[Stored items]

■ ■ ■ ■

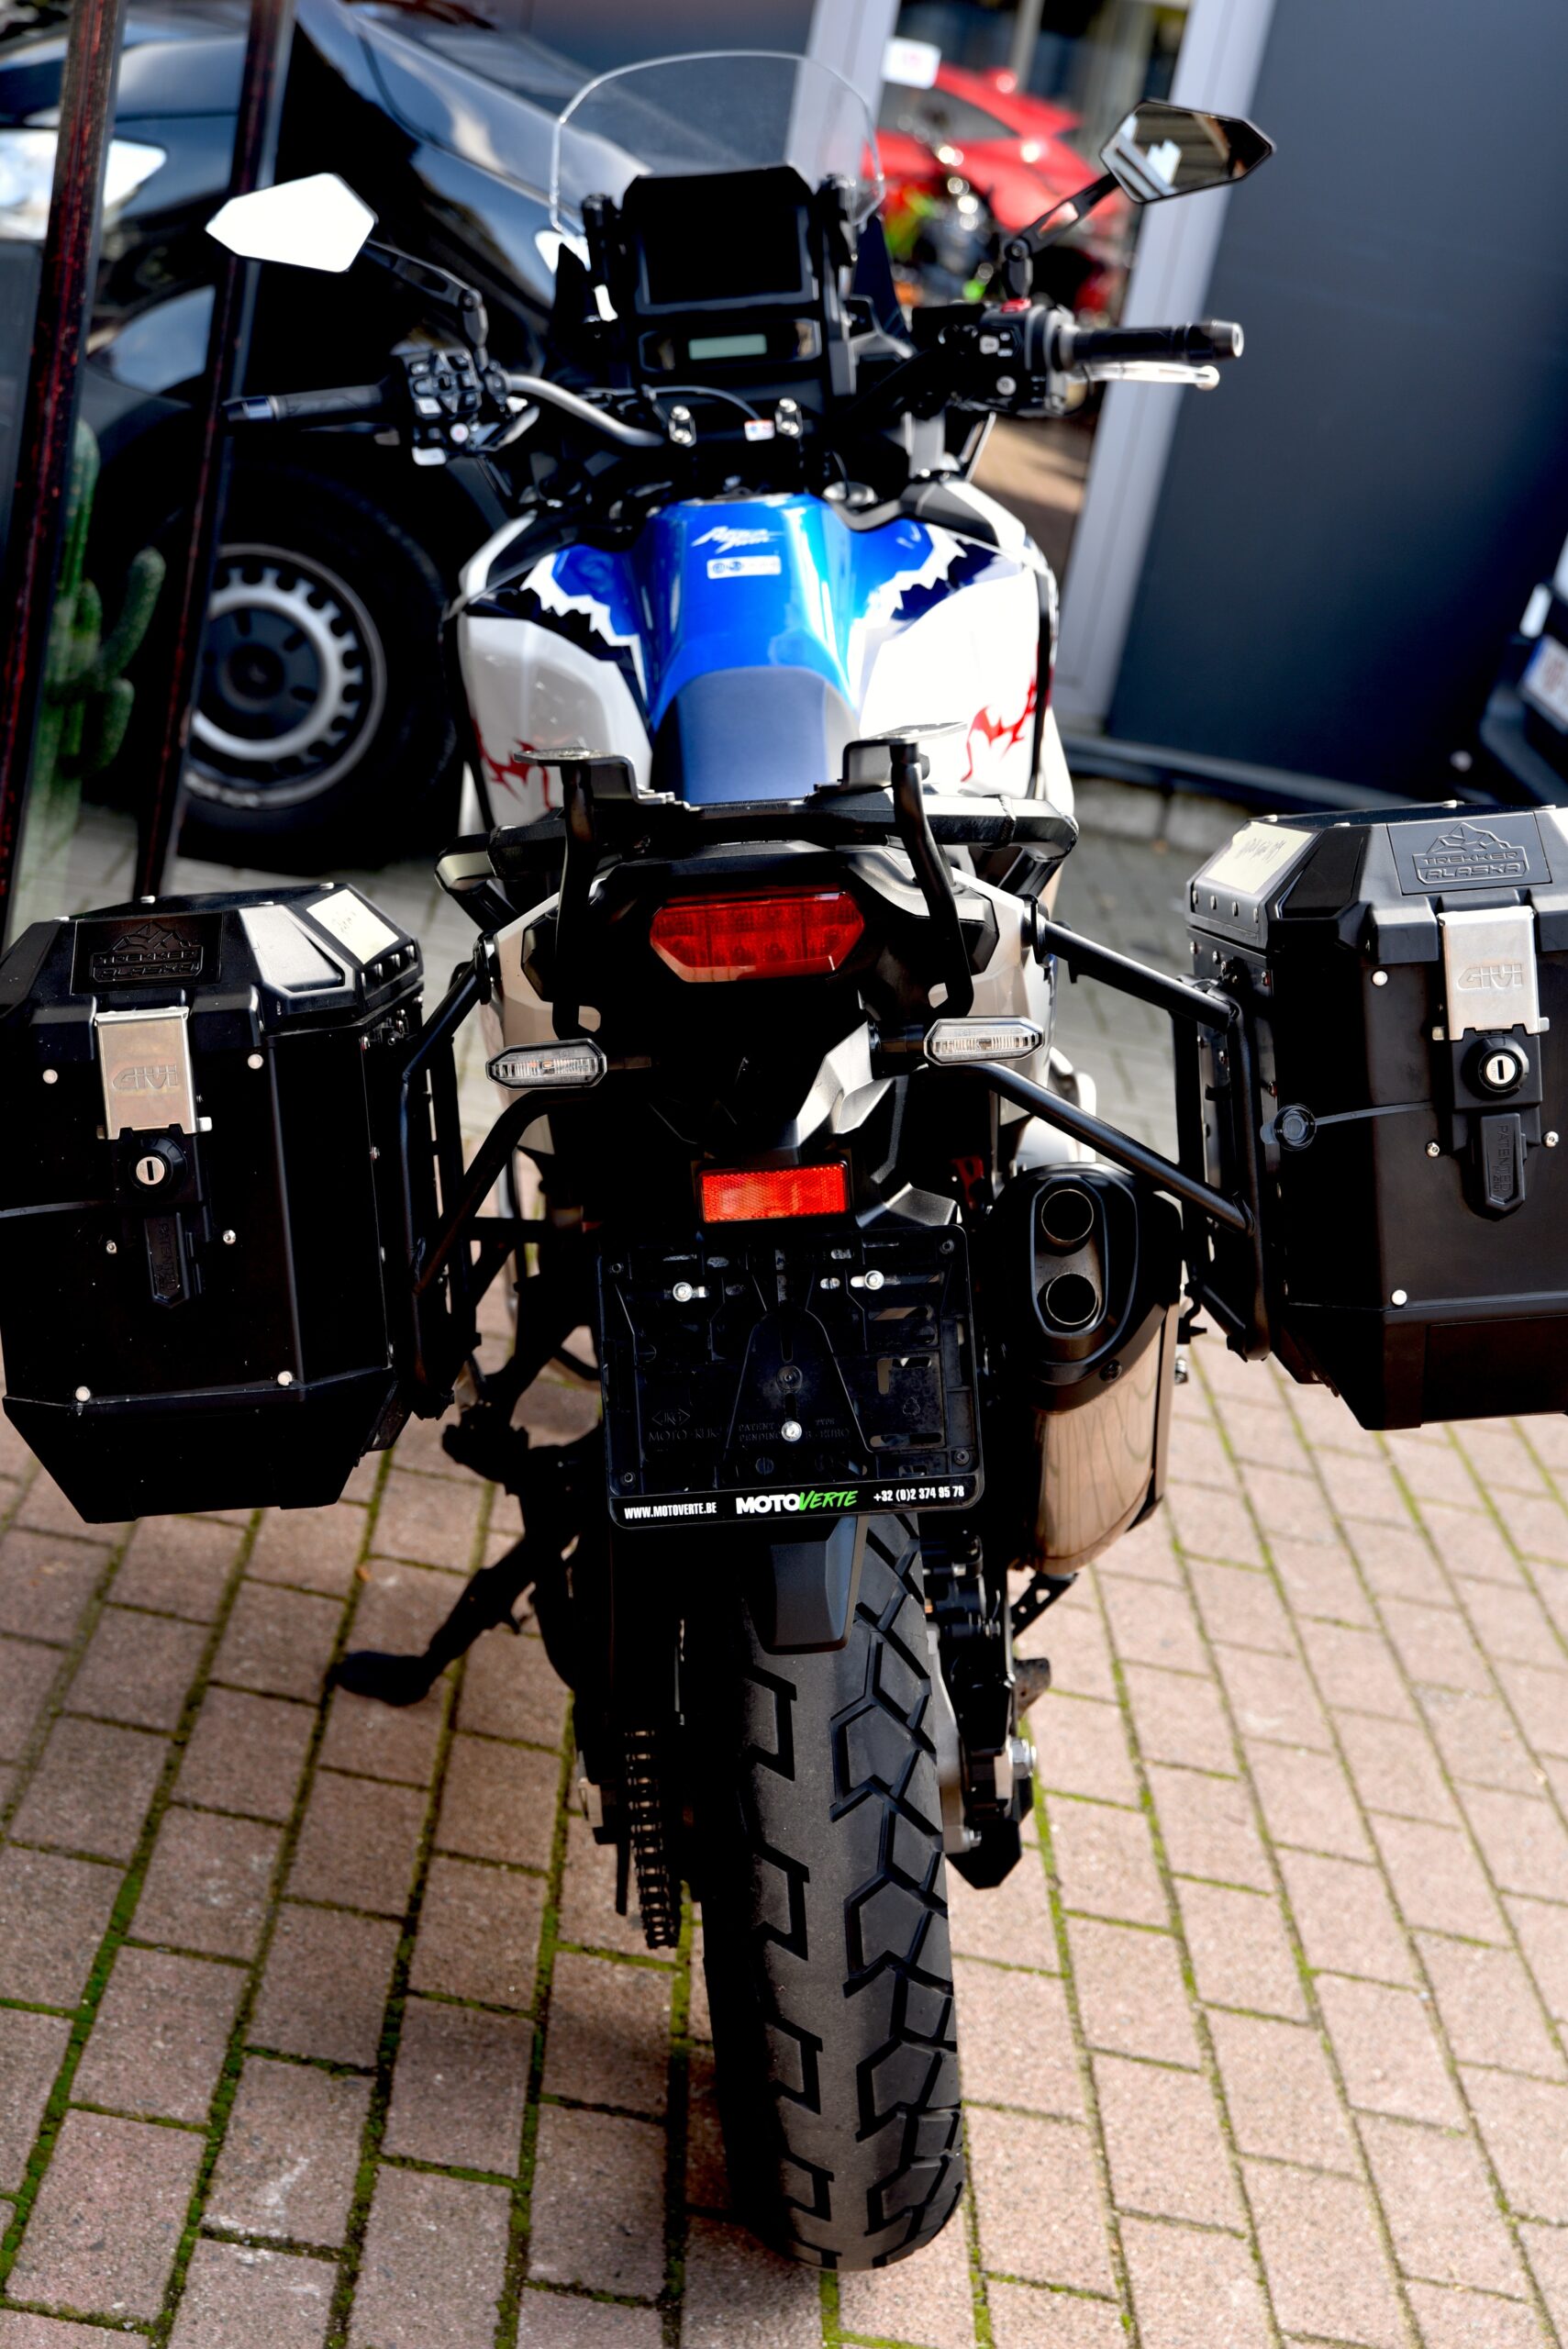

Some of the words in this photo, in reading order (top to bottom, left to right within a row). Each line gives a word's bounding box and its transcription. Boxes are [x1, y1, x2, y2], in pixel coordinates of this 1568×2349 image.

[1422, 852, 1518, 865] TREKKER
[1425, 863, 1521, 879] ALASKA
[99, 950, 196, 963] TREKKER
[1456, 963, 1523, 990] GIVI
[111, 1063, 178, 1090] GIVI
[1496, 1125, 1512, 1194] PATENTED
[873, 1490, 894, 1502] +32
[895, 1488, 917, 1502] (0)2
[918, 1487, 937, 1499] 374
[938, 1486, 951, 1498] 95
[952, 1486, 965, 1497] 78
[624, 1502, 717, 1520] WWW.MOTOVERTE.BE
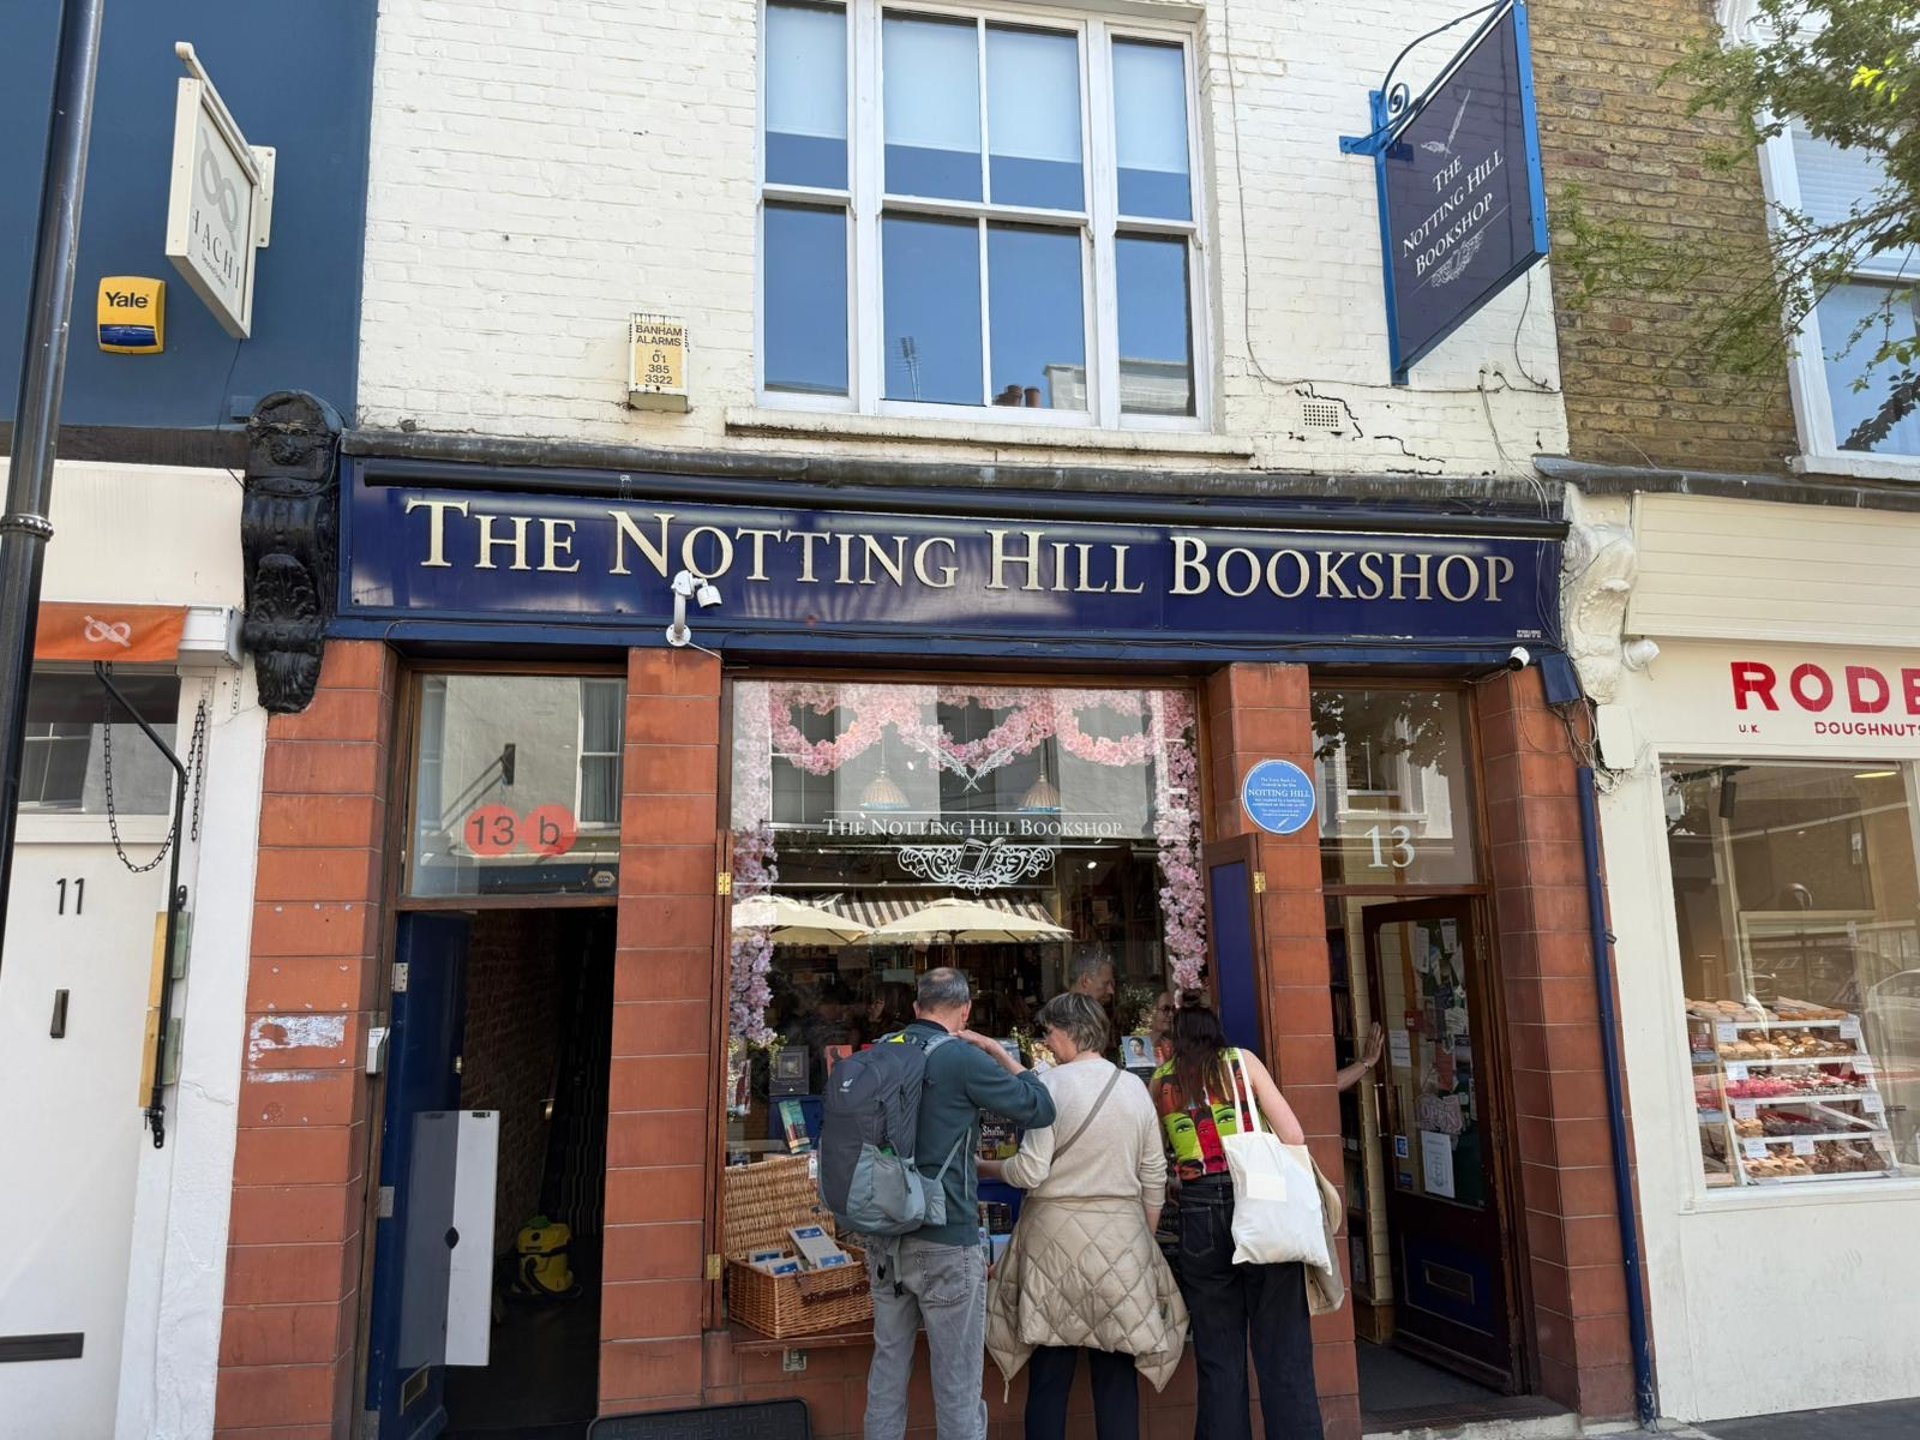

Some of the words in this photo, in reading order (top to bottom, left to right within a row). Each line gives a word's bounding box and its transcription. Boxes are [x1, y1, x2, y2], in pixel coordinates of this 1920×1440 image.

[1432, 155, 1463, 193] THE
[1403, 187, 1464, 257] NOTTING
[1467, 150, 1504, 194] HILL
[1415, 192, 1493, 277] BOOKSHOP
[105, 291, 149, 309] Yale
[635, 325, 682, 336] BANHAM
[636, 335, 682, 347] ALARMS
[652, 353, 667, 364] 01
[648, 364, 670, 374] 385
[645, 374, 673, 385] 3322
[404, 498, 581, 573] THE
[608, 510, 959, 588] NOTTING
[985, 528, 1145, 595] HILL
[1169, 535, 1515, 602] BOOKSHOP
[1814, 721, 1920, 737] DOUGHNUT
[1248, 788, 1288, 798] NOTTING
[1290, 789, 1311, 798] HILL
[471, 815, 515, 846] 13
[539, 815, 560, 846] b
[823, 818, 868, 836] THE
[870, 818, 964, 836] NOTTING
[969, 819, 1017, 836] HILL
[1020, 818, 1122, 836] BOOKSHOP
[1364, 825, 1415, 868] 13
[56, 877, 85, 916] 11
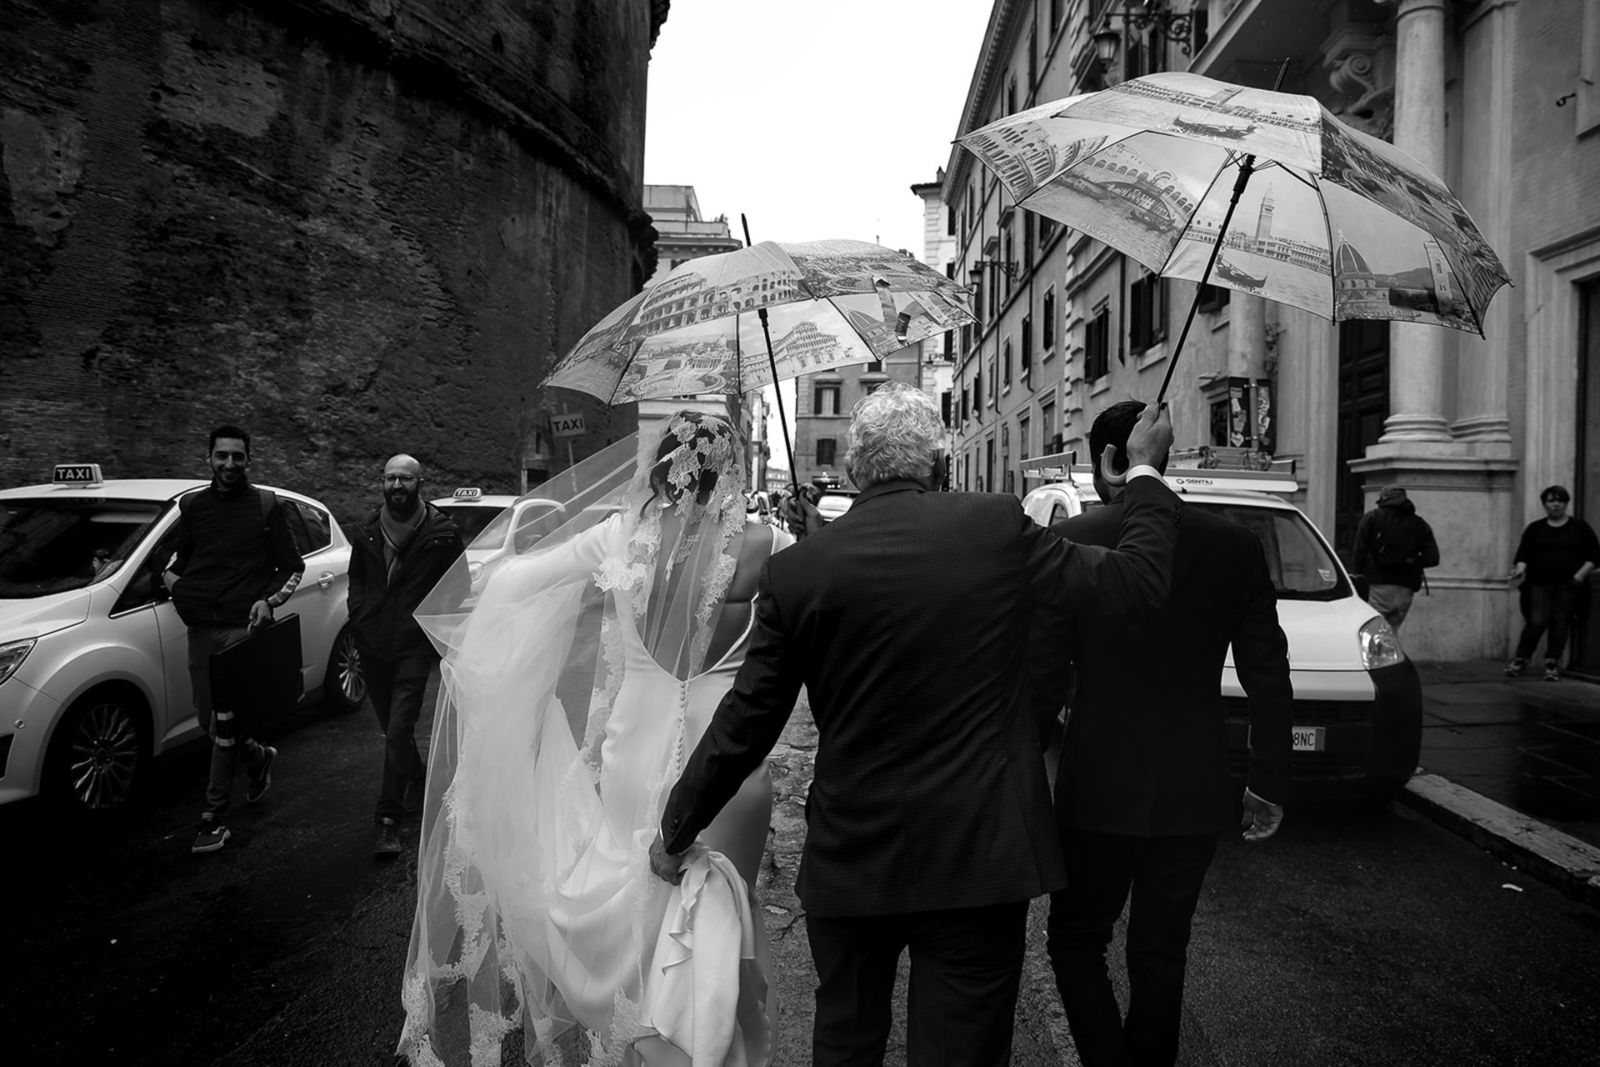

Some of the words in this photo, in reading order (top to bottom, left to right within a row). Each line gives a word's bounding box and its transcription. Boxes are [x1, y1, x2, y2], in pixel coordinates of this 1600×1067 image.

■ ■ ■ ■

Every line of the data above is to be set down word for word, with the pictures left out.

RESULT —
Some of the words in this photo, in reading order (top to bottom, left to right within a row). Each line gives a word's bounding box and its transcription. Boxes are [x1, y1, x2, y2], in pixel coordinates of this 1568×2349 image.

[1422, 852, 1518, 865] TREKKER
[1425, 863, 1521, 879] ALASKA
[99, 950, 196, 963] TREKKER
[1456, 963, 1523, 990] GIVI
[111, 1063, 178, 1090] GIVI
[1496, 1125, 1512, 1194] PATENTED
[873, 1490, 894, 1502] +32
[895, 1488, 917, 1502] (0)2
[918, 1487, 937, 1499] 374
[938, 1486, 951, 1498] 95
[952, 1486, 965, 1497] 78
[624, 1502, 717, 1520] WWW.MOTOVERTE.BE

Some of the words in this photo, in reading order (top to bottom, left to right within a row). Each line gives a word's bounding box and its transcription. Boxes are [x1, y1, x2, y2], in pixel coordinates of this 1920×1440 image.

[1432, 155, 1463, 193] THE
[1403, 187, 1464, 257] NOTTING
[1467, 150, 1504, 194] HILL
[1415, 192, 1493, 277] BOOKSHOP
[105, 291, 149, 309] Yale
[635, 325, 682, 336] BANHAM
[636, 335, 682, 347] ALARMS
[652, 353, 667, 364] 01
[648, 364, 670, 374] 385
[645, 374, 673, 385] 3322
[404, 498, 581, 573] THE
[608, 510, 959, 588] NOTTING
[985, 528, 1145, 595] HILL
[1169, 535, 1515, 602] BOOKSHOP
[1814, 721, 1920, 737] DOUGHNUT
[1248, 788, 1288, 798] NOTTING
[1290, 789, 1311, 798] HILL
[471, 815, 515, 846] 13
[539, 815, 560, 846] b
[823, 818, 868, 836] THE
[870, 818, 964, 836] NOTTING
[969, 819, 1017, 836] HILL
[1020, 818, 1122, 836] BOOKSHOP
[1364, 825, 1415, 868] 13
[56, 877, 85, 916] 11

Some of the words in this photo, in reading order (top to bottom, left to right within a row). Each line gives a word's bounding box and its transcription. Boxes are [x1, y1, x2, y2], in pixel coordinates of this 1600×1067 image.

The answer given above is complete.